Saved entries
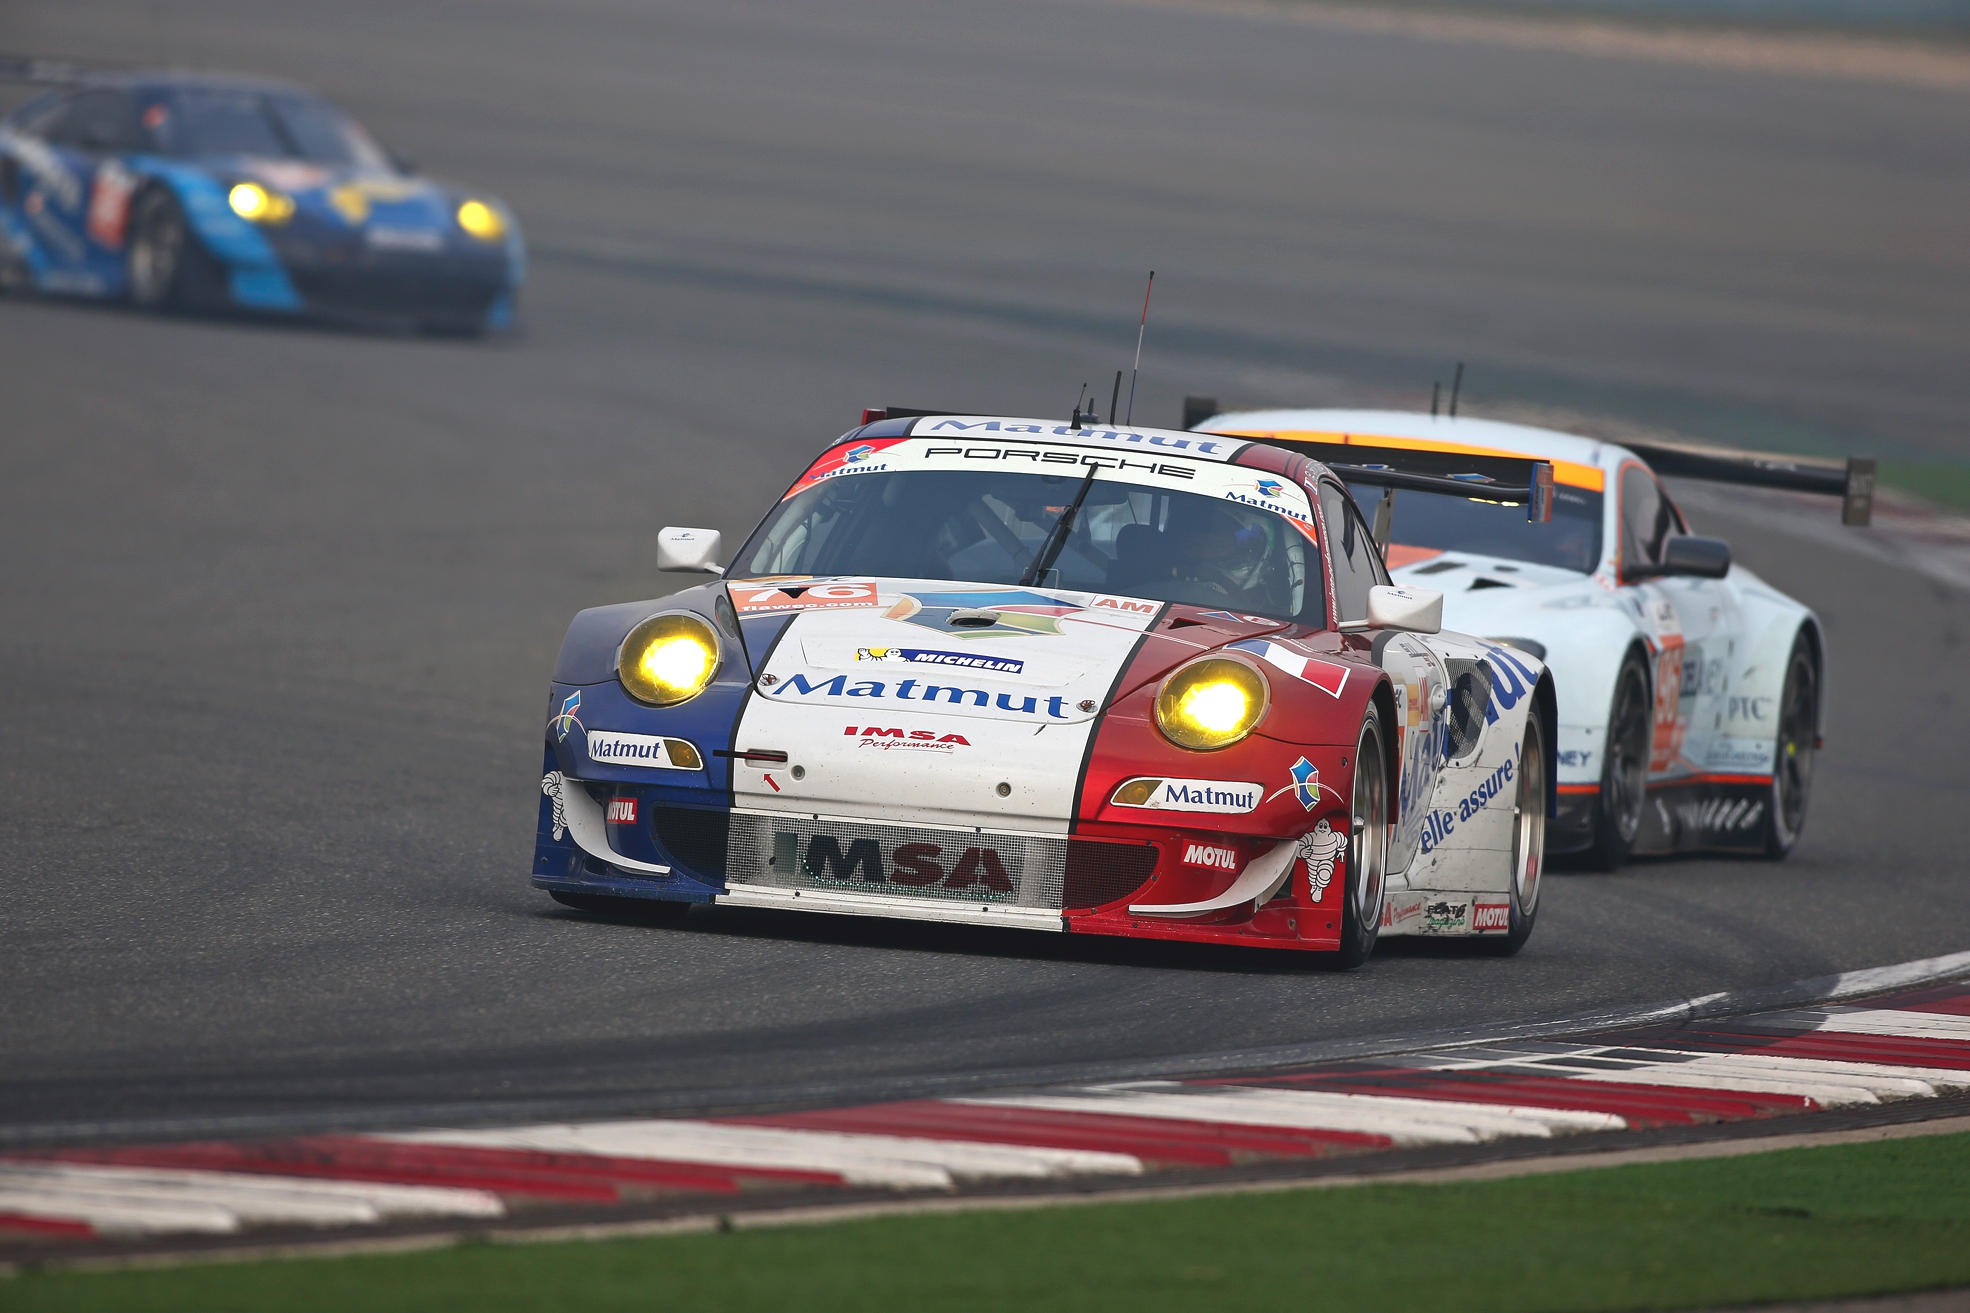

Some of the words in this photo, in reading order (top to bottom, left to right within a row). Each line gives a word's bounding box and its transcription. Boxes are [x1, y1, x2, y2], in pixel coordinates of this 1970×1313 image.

[930, 419, 1224, 455] Matmut
[924, 447, 1197, 480] PORSCHE
[1225, 491, 1308, 522] Matmut
[734, 584, 873, 602] 76
[1094, 598, 1154, 613] AM
[913, 652, 1022, 673] MICHELIN
[771, 673, 1070, 719] Matmut
[843, 726, 972, 746] IMSA
[858, 738, 955, 750] Performance
[591, 739, 661, 759] Matmut
[1165, 784, 1254, 809] Matmut
[1421, 809, 1455, 853] elle
[1459, 758, 1514, 822] assure
[772, 831, 1015, 893] IMSA
[1183, 844, 1236, 870] MOTUL
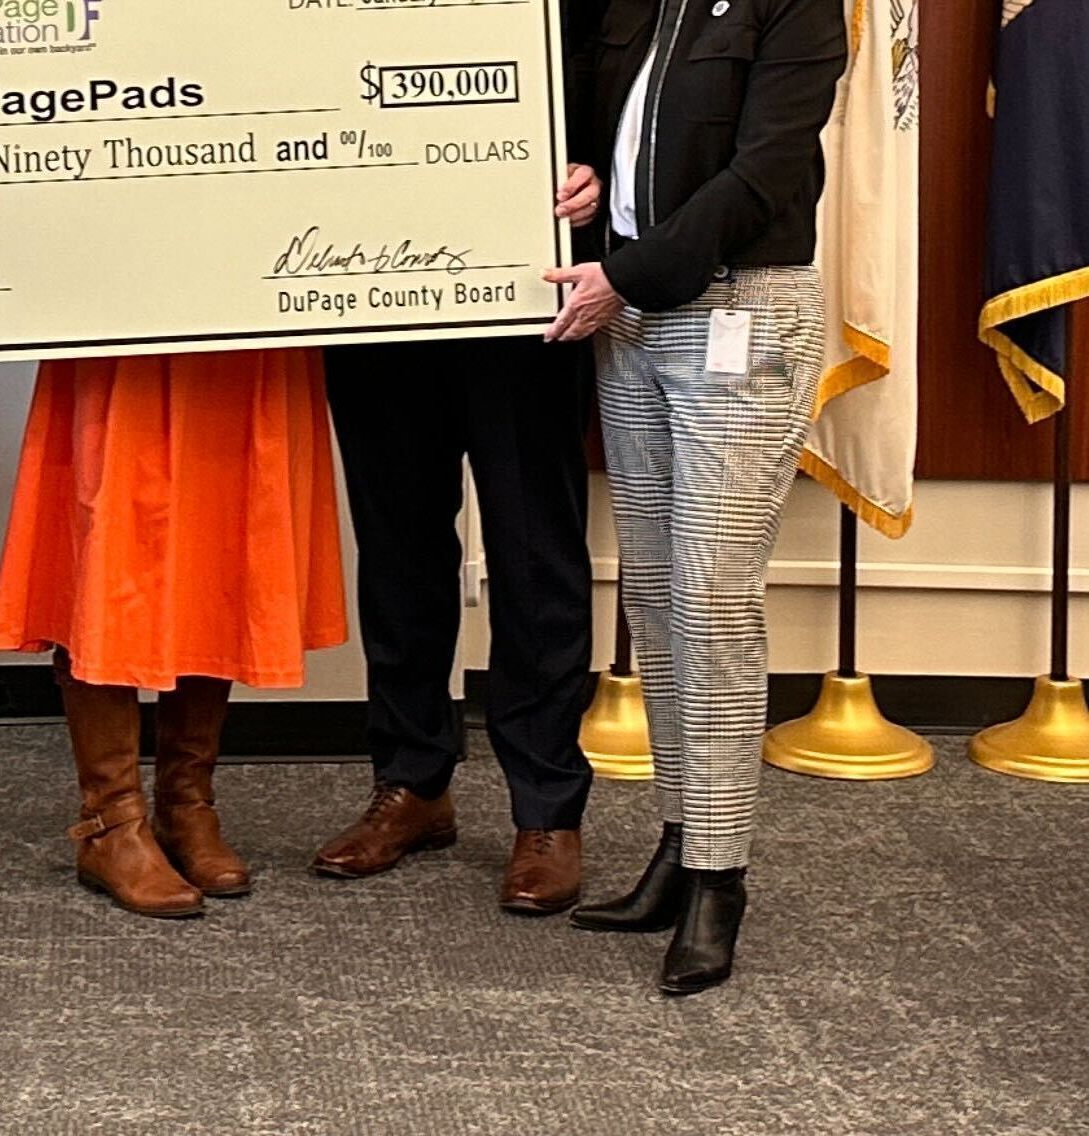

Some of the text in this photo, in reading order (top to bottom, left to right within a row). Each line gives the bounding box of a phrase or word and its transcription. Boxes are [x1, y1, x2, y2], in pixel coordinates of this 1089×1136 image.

= Goal of the exercise =
Repeat the records above word for word. Pictures stay out of the copy.

= Response to this task =
Some of the words in this photo, in reading order (top to bottom, left to right within a row). Each line gives a word's bounding box and its transcription. Boxes are [x1, y1, x2, y2], in pixel coordinates of this 1970×1313 image.

[930, 419, 1224, 455] Matmut
[924, 447, 1197, 480] PORSCHE
[1225, 491, 1308, 522] Matmut
[734, 584, 873, 602] 76
[1094, 598, 1154, 613] AM
[913, 652, 1022, 673] MICHELIN
[771, 673, 1070, 719] Matmut
[843, 726, 972, 746] IMSA
[858, 738, 955, 750] Performance
[591, 739, 661, 759] Matmut
[1165, 784, 1254, 809] Matmut
[1421, 809, 1455, 853] elle
[1459, 758, 1514, 822] assure
[772, 831, 1015, 893] IMSA
[1183, 844, 1236, 870] MOTUL

Some of the text in this photo, in reading order (top to bottom, left to right within a row). Each line gives the bounding box of a phrase or word and its transcription. Boxes are [x1, y1, x2, y2], in pixel coordinates of this 1089×1136 image.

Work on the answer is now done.